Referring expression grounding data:

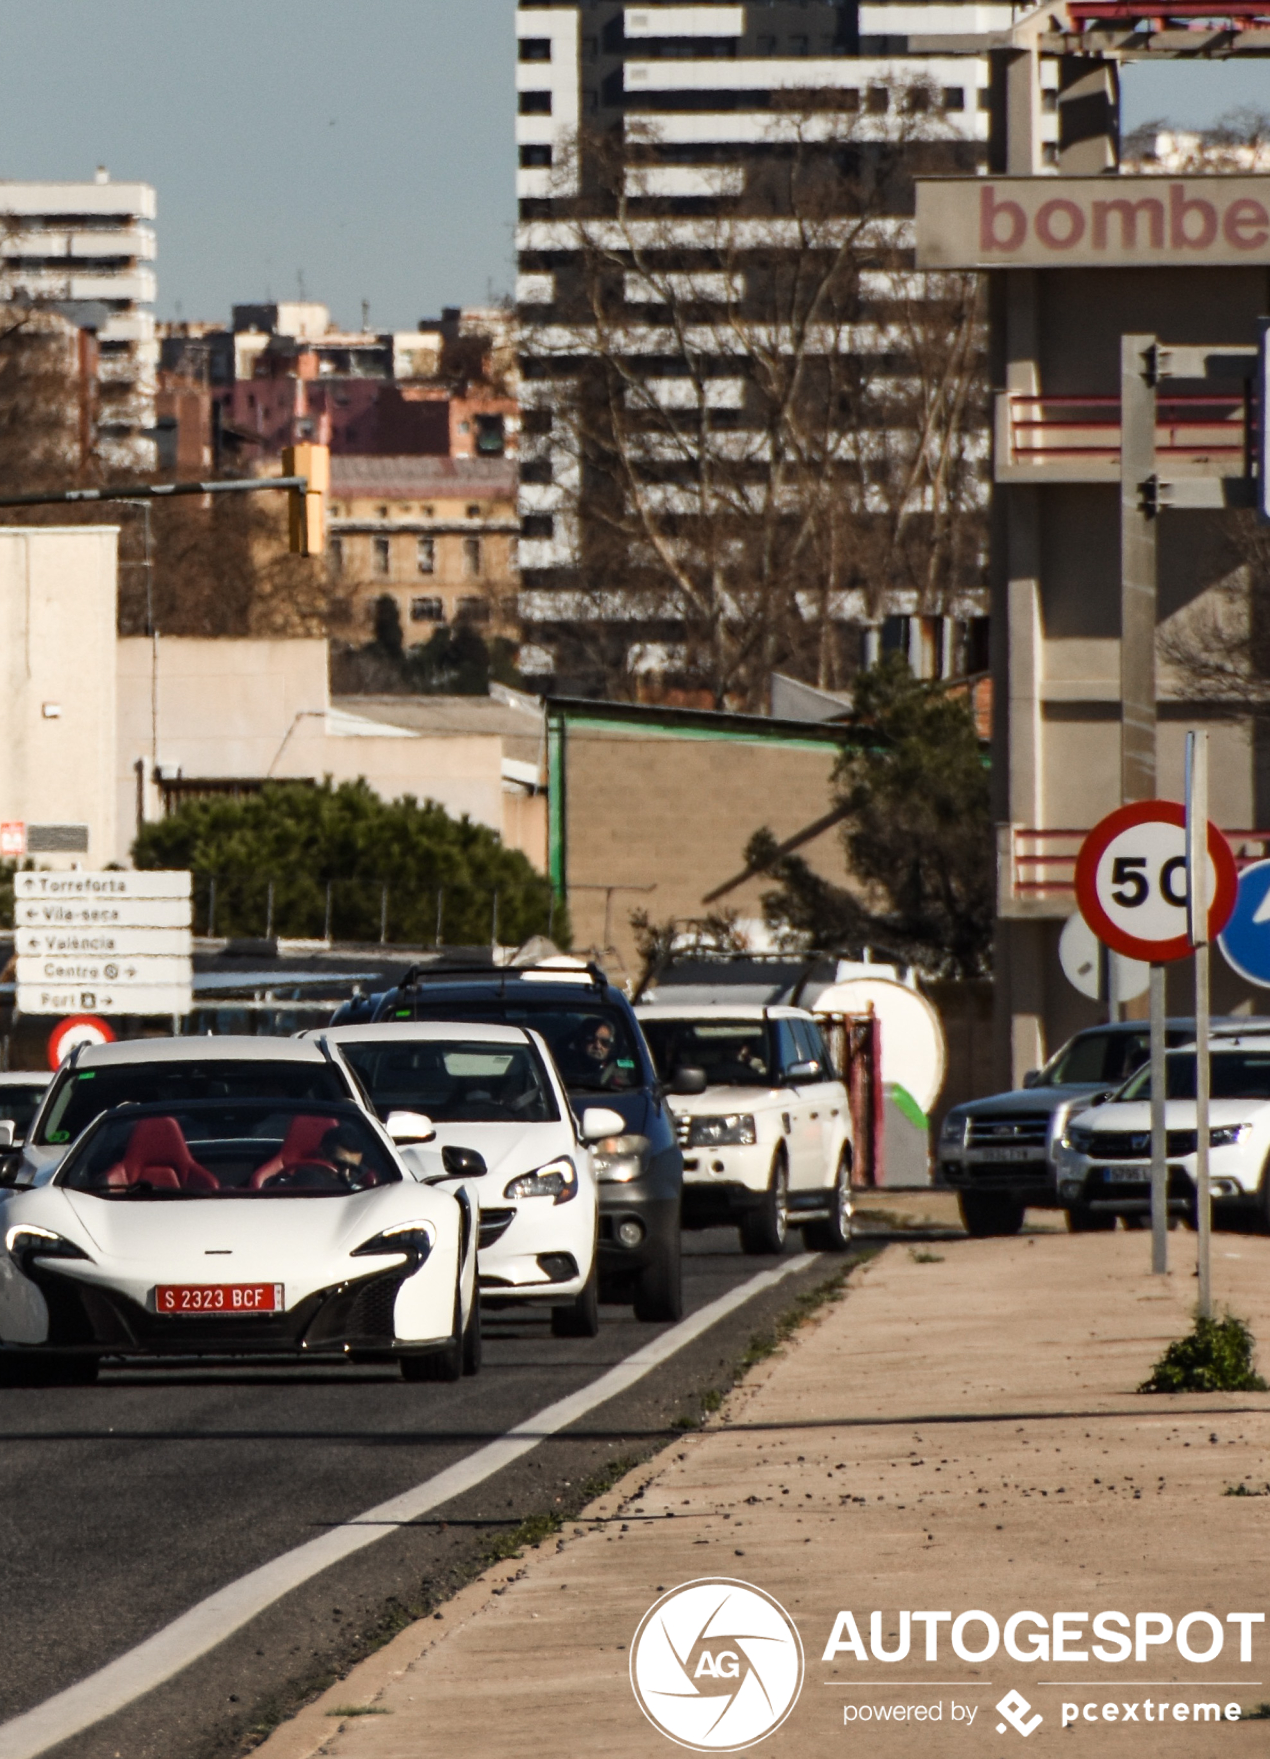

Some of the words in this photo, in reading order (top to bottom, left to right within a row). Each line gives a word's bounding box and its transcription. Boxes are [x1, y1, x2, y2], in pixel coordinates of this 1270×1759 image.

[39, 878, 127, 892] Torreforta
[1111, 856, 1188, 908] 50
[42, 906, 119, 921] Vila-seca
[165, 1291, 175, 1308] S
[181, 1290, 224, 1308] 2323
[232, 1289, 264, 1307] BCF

**TASK**.
The task calls for repeating each line above exactly while excluding the pictures.

**SOLUTION TO THIS EXERCISE**.
Some of the words in this photo, in reading order (top to bottom, left to right within a row). Each line gives a word's bounding box and its transcription. Boxes are [x1, y1, x2, y2], in pixel coordinates of this 1270×1759 image.

[39, 878, 127, 892] Torreforta
[1111, 856, 1188, 908] 50
[42, 906, 119, 921] Vila-seca
[165, 1291, 175, 1308] S
[181, 1290, 224, 1308] 2323
[232, 1289, 264, 1307] BCF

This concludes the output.